## Problem details
Set down every record below exactly as it stands, with the pictures omitted.

[Start of Attachment]

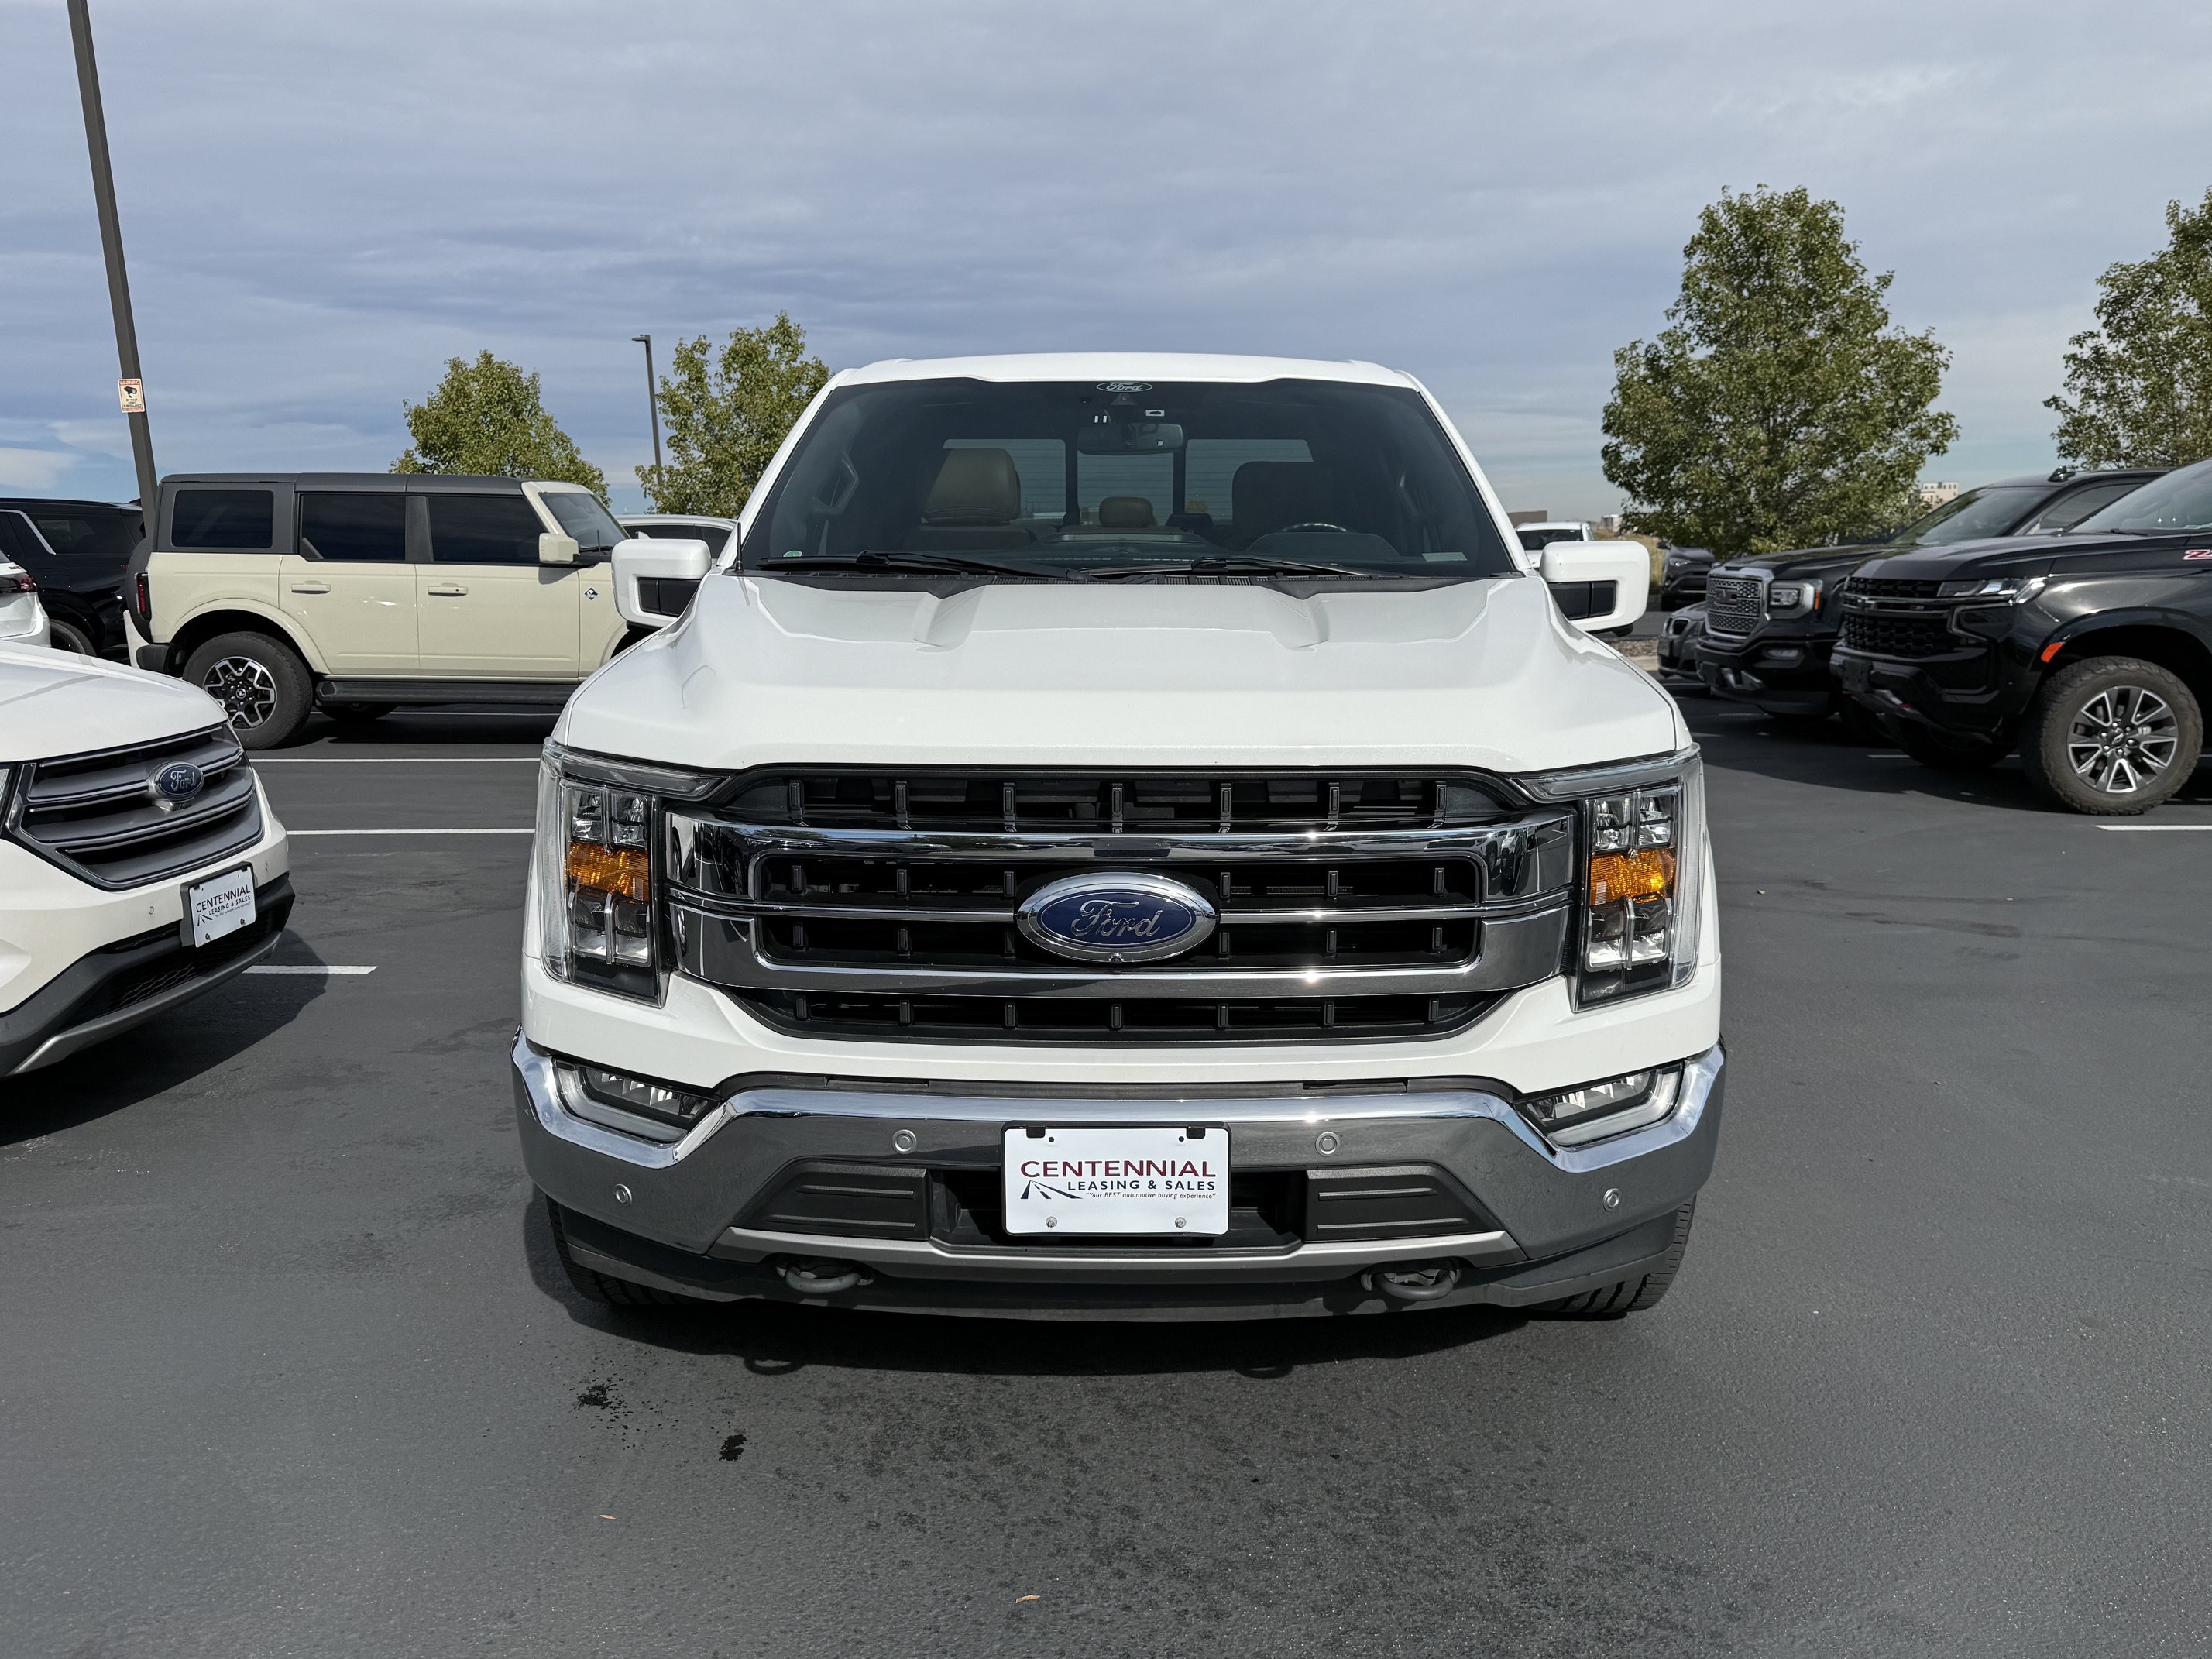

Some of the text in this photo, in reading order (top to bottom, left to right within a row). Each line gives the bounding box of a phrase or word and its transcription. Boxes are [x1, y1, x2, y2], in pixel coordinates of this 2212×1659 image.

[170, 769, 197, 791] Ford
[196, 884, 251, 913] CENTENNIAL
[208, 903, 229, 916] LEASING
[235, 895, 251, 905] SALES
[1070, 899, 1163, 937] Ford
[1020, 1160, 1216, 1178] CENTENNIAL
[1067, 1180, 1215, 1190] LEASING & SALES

[End of Attachment]

## Solution to the exercise
Some of the text in this photo, in reading order (top to bottom, left to right within a row). Each line gives the bounding box of a phrase or word and its transcription. Boxes are [x1, y1, x2, y2], in pixel coordinates of this 2212×1659 image.

[170, 769, 197, 791] Ford
[196, 884, 251, 913] CENTENNIAL
[208, 903, 229, 916] LEASING
[235, 895, 251, 905] SALES
[1070, 899, 1163, 937] Ford
[1020, 1160, 1216, 1178] CENTENNIAL
[1067, 1180, 1215, 1190] LEASING & SALES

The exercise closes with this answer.